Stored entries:
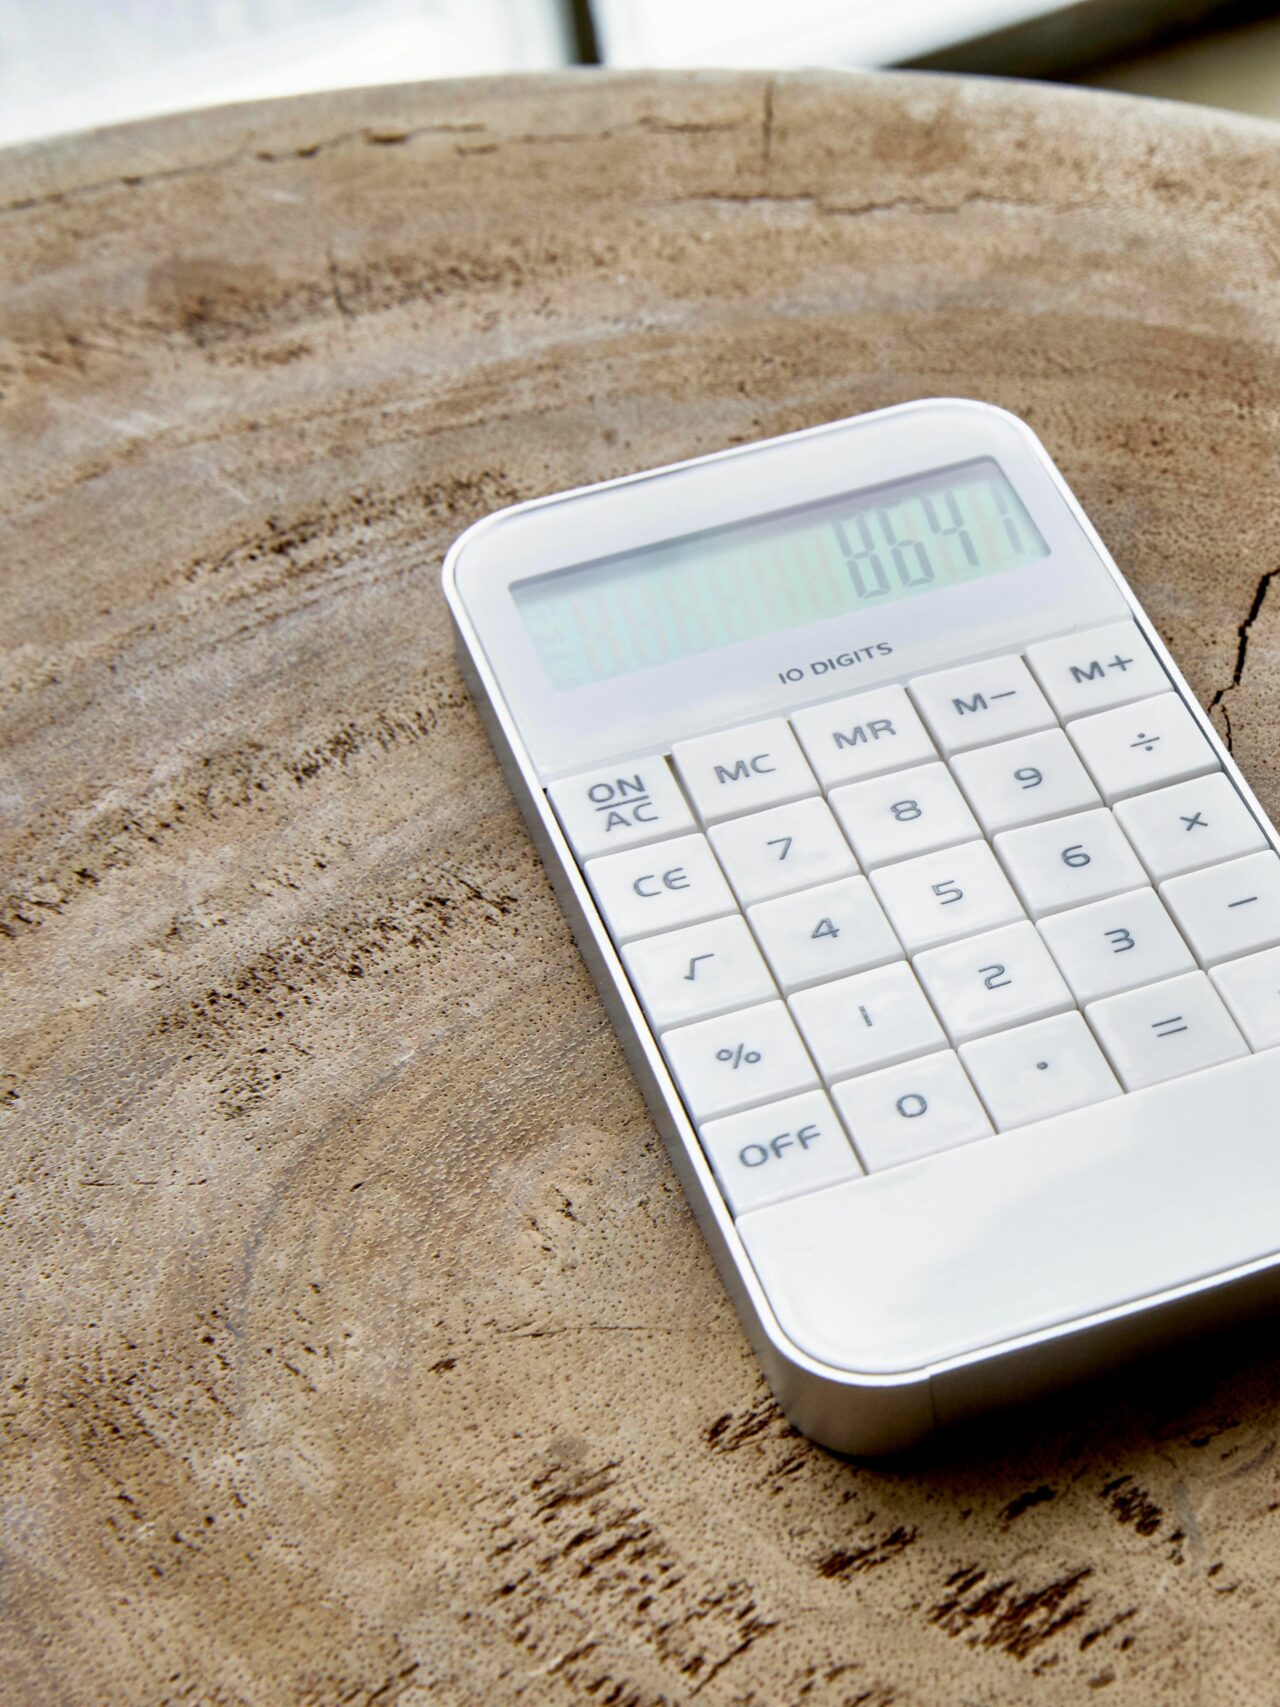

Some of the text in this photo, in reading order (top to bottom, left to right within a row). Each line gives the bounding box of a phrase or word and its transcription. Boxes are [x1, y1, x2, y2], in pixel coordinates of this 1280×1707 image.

[810, 641, 895, 676] DIGITS
[1069, 655, 1133, 683] M+
[832, 719, 896, 749] MR
[714, 754, 776, 784] MC
[1014, 768, 1043, 789] 9
[588, 775, 647, 802] ON
[605, 801, 659, 832] AC
[890, 800, 922, 821] 8
[767, 837, 792, 860] 7
[1061, 845, 1090, 867] 6
[633, 868, 690, 897] CE
[932, 880, 963, 905] 5
[811, 918, 840, 939] 4
[1104, 929, 1135, 953] 3
[978, 964, 1011, 990] 2
[716, 1043, 761, 1069] %
[739, 1125, 820, 1168] OFF
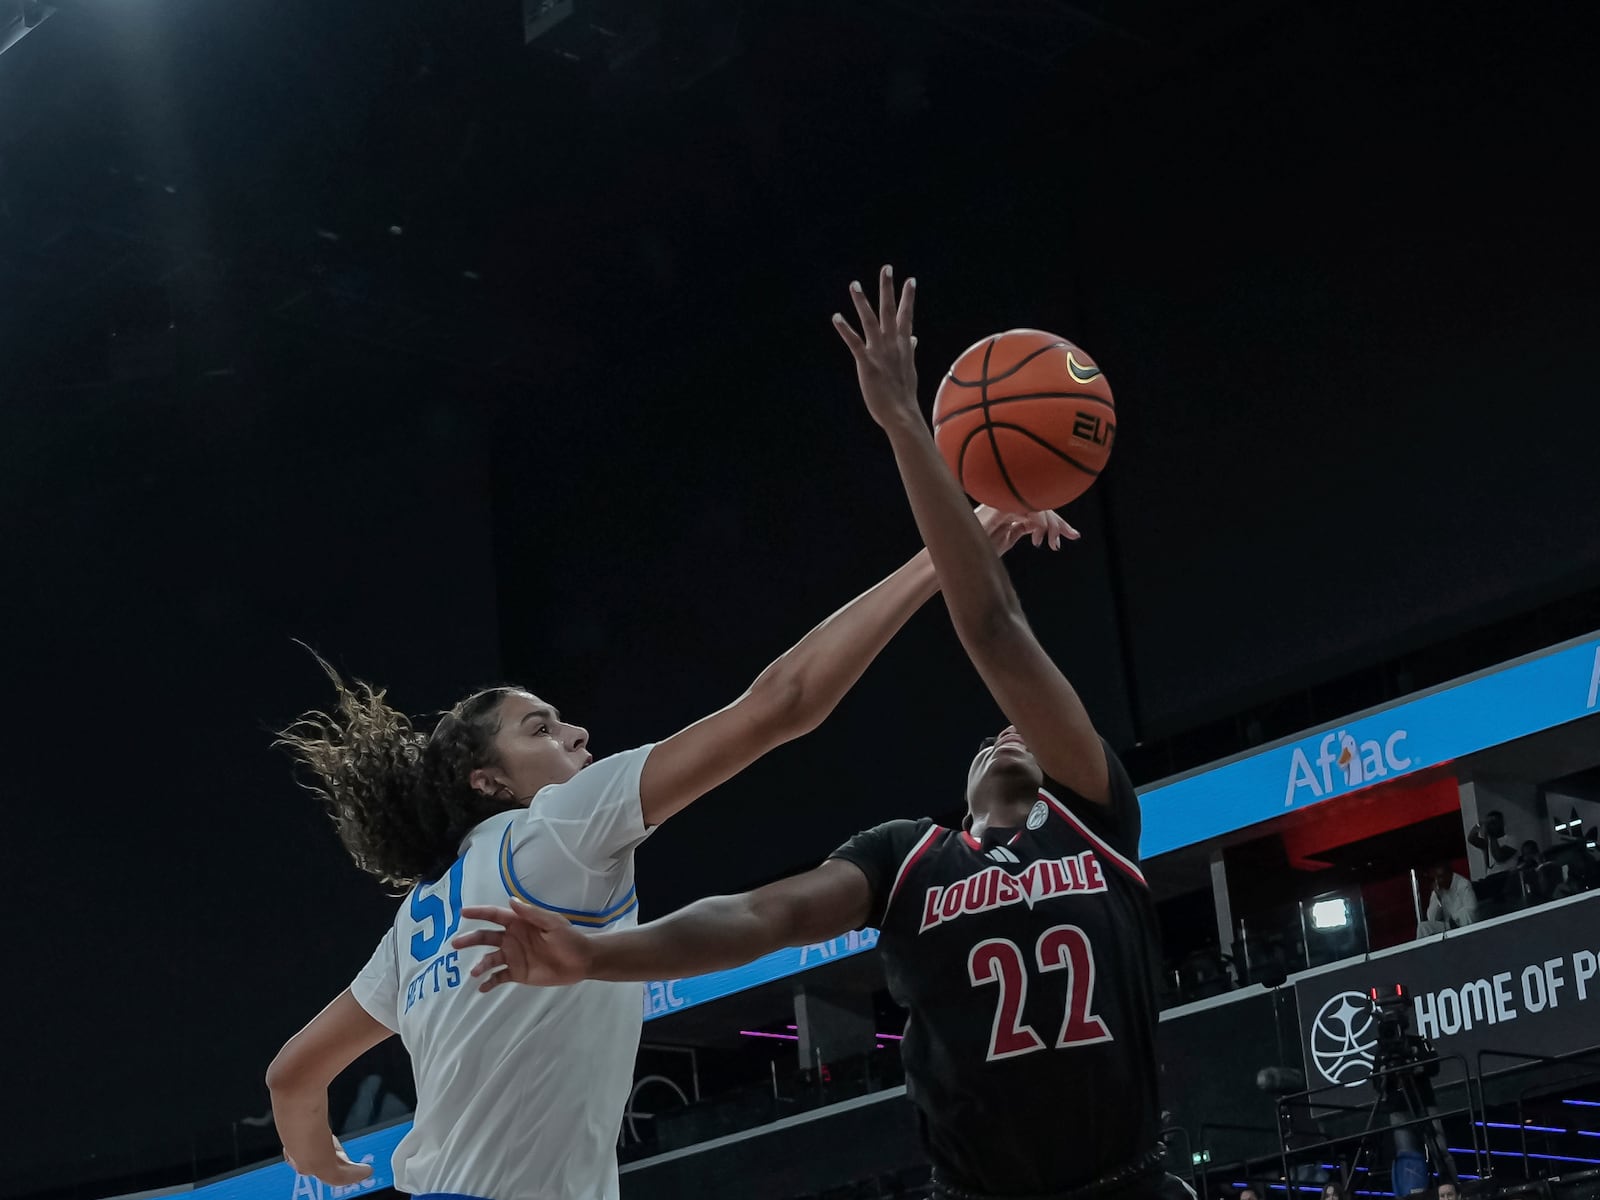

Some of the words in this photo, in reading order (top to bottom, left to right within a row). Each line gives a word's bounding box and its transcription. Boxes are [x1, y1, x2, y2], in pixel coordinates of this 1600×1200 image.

[919, 850, 1109, 935] LOUISVILLE
[967, 924, 1114, 1062] 22
[1414, 971, 1517, 1040] HOME
[1521, 956, 1565, 1014] OF
[1573, 949, 1600, 1001] P

(Action item):
Exactly the lines from the one holding "Some of the words" through the end of the records above are to be returned, and nothing else.

(Answer to this exercise):
Some of the words in this photo, in reading order (top to bottom, left to right within a row). Each line gives a word's bounding box and its transcription. Boxes are [x1, y1, x2, y2], in pixel coordinates of this 1600×1200 image.

[919, 850, 1109, 935] LOUISVILLE
[967, 924, 1114, 1062] 22
[1414, 971, 1517, 1040] HOME
[1521, 956, 1565, 1014] OF
[1573, 949, 1600, 1001] P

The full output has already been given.